Stored data entries
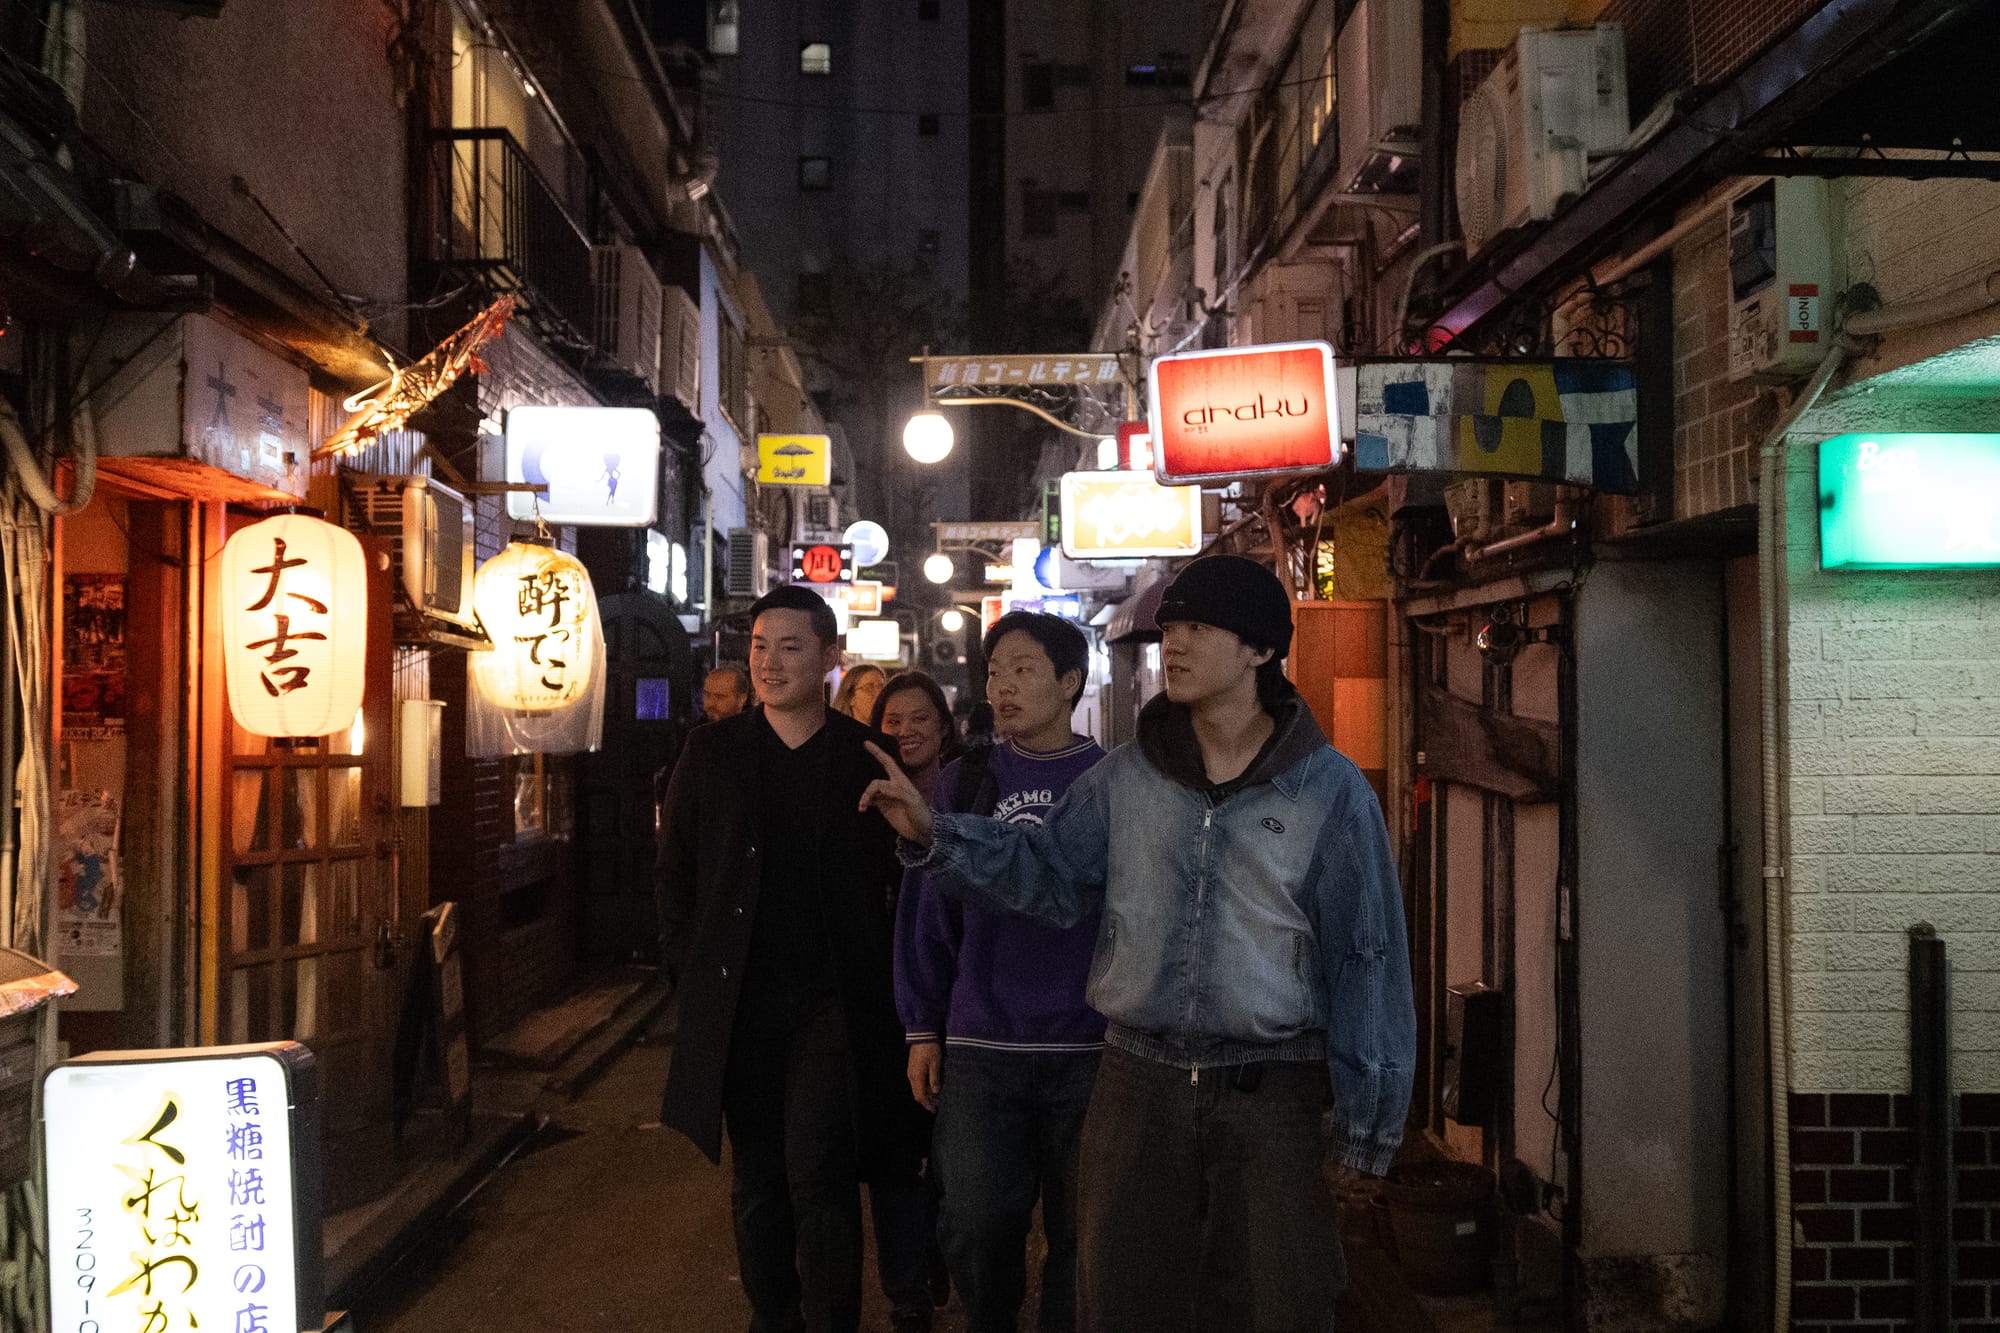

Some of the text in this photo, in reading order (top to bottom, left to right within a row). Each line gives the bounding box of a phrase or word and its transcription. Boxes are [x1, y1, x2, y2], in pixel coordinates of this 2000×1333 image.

[1798, 297, 1810, 330] INOP
[1183, 391, 1309, 426] araku
[245, 537, 328, 698] 大吉
[513, 570, 571, 691] 酔ってこ
[225, 1077, 269, 1333] 黒糖焼酎の店
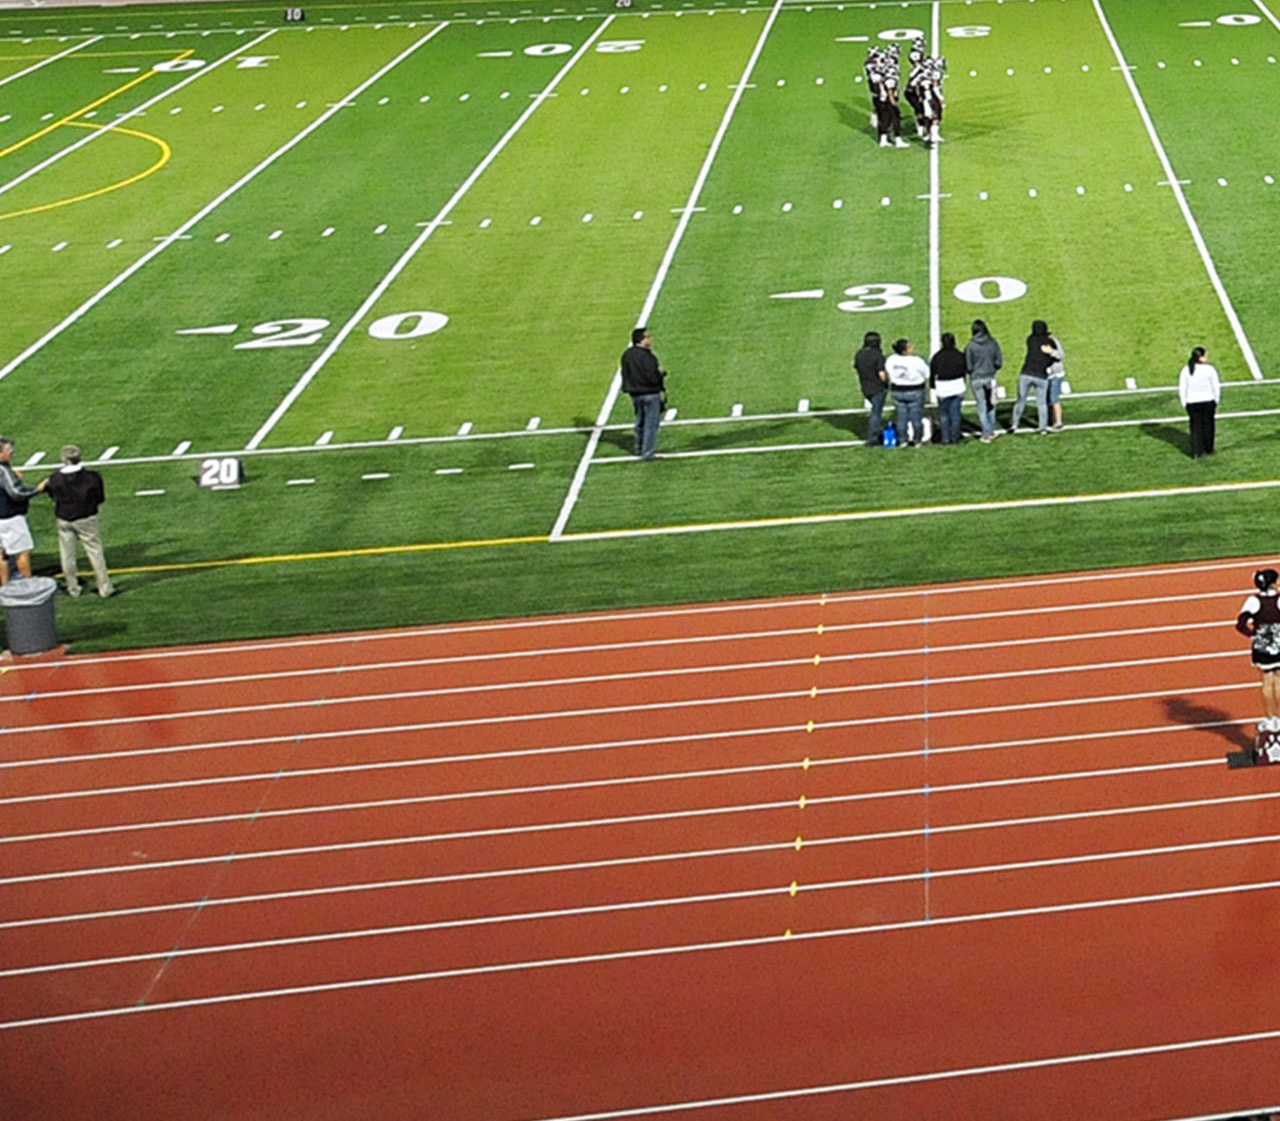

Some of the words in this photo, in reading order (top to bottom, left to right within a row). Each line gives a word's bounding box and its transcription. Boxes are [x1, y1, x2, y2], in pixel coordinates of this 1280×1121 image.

[286, 7, 302, 21] 10
[837, 276, 1027, 313] 30
[234, 310, 450, 350] 20
[200, 458, 239, 487] 20
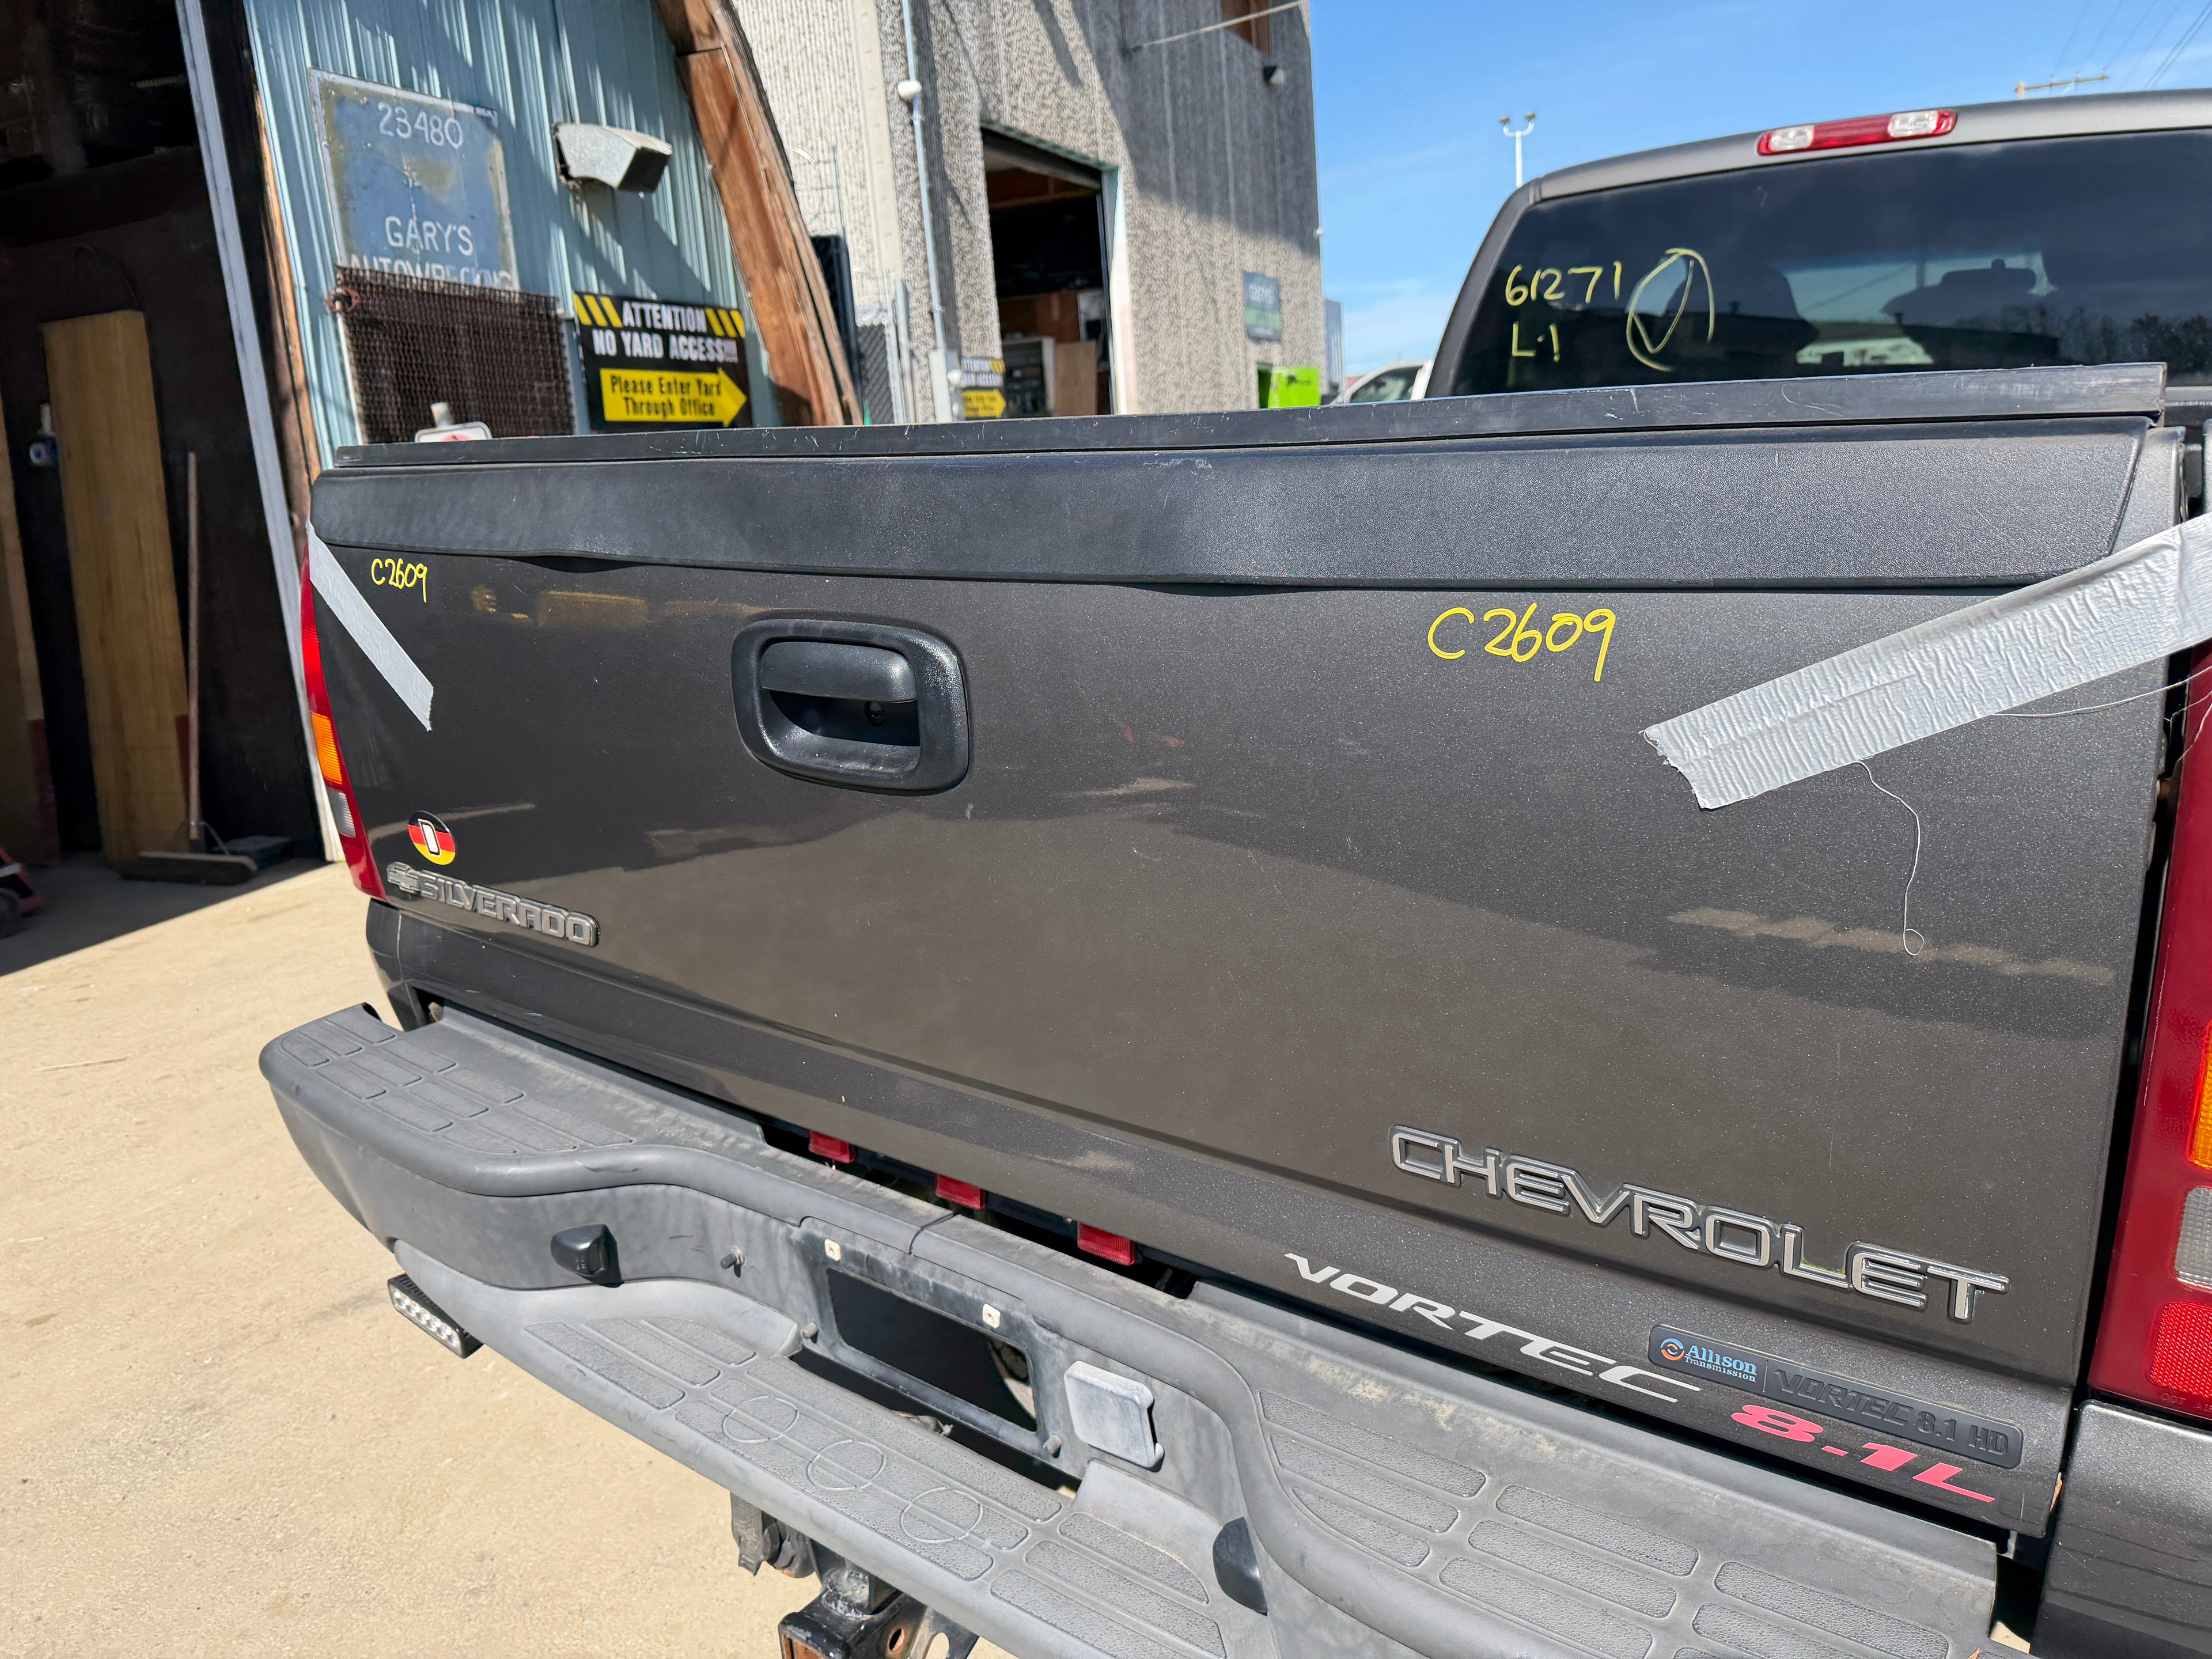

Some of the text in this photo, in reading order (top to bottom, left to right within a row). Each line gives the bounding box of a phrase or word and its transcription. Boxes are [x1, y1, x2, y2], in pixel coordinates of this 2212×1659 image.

[378, 102, 463, 149] 23480
[385, 216, 474, 256] GARY'S
[1505, 261, 1622, 306] 61271
[622, 300, 708, 333] ATTENTION
[592, 328, 618, 357] NO
[620, 330, 664, 358] YARD
[611, 375, 721, 397] Please Enter Yard
[624, 396, 715, 419] Through Office
[371, 558, 427, 603] C2609
[418, 870, 600, 947] SILVERADO
[1389, 1125, 2010, 1323] CHEVROLET
[1284, 1252, 1701, 1404] VORTEC
[1684, 1355, 1756, 1382] Transmission
[1685, 1344, 1758, 1376] Allison
[1775, 1369, 2009, 1456] VORTEC 8.1 HD

Instructions to follow
The expected output is every entry, retyped exactly, with all pictures removed.

Solution to the exercise
Some of the text in this photo, in reading order (top to bottom, left to right within a row). Each line gives the bounding box of a phrase or word and its transcription. Boxes are [x1, y1, x2, y2], in pixel coordinates of this 2000×1333 image.

[1798, 297, 1810, 330] INOP
[1183, 391, 1309, 426] araku
[245, 537, 328, 698] 大吉
[513, 570, 571, 691] 酔ってこ
[225, 1077, 269, 1333] 黒糖焼酎の店

Some of the words in this photo, in reading order (top to bottom, left to right within a row). Each line gives a word's bounding box and its transcription. Boxes are [x1, y1, x2, y2], in pixel coordinates of this 1280×1121 image.

[286, 7, 302, 21] 10
[837, 276, 1027, 313] 30
[234, 310, 450, 350] 20
[200, 458, 239, 487] 20

Some of the text in this photo, in reading order (top to bottom, left to right within a row). Each line gives the bounding box of a phrase or word and its transcription. Boxes are [x1, y1, x2, y2], in pixel coordinates of this 2212×1659 image.

[378, 102, 463, 149] 23480
[385, 216, 474, 256] GARY'S
[1505, 261, 1622, 306] 61271
[622, 300, 708, 333] ATTENTION
[592, 328, 618, 357] NO
[620, 330, 664, 358] YARD
[611, 375, 721, 397] Please Enter Yard
[624, 396, 715, 419] Through Office
[371, 558, 427, 603] C2609
[418, 870, 600, 947] SILVERADO
[1389, 1125, 2010, 1323] CHEVROLET
[1284, 1252, 1701, 1404] VORTEC
[1684, 1355, 1756, 1382] Transmission
[1685, 1344, 1758, 1376] Allison
[1775, 1369, 2009, 1456] VORTEC 8.1 HD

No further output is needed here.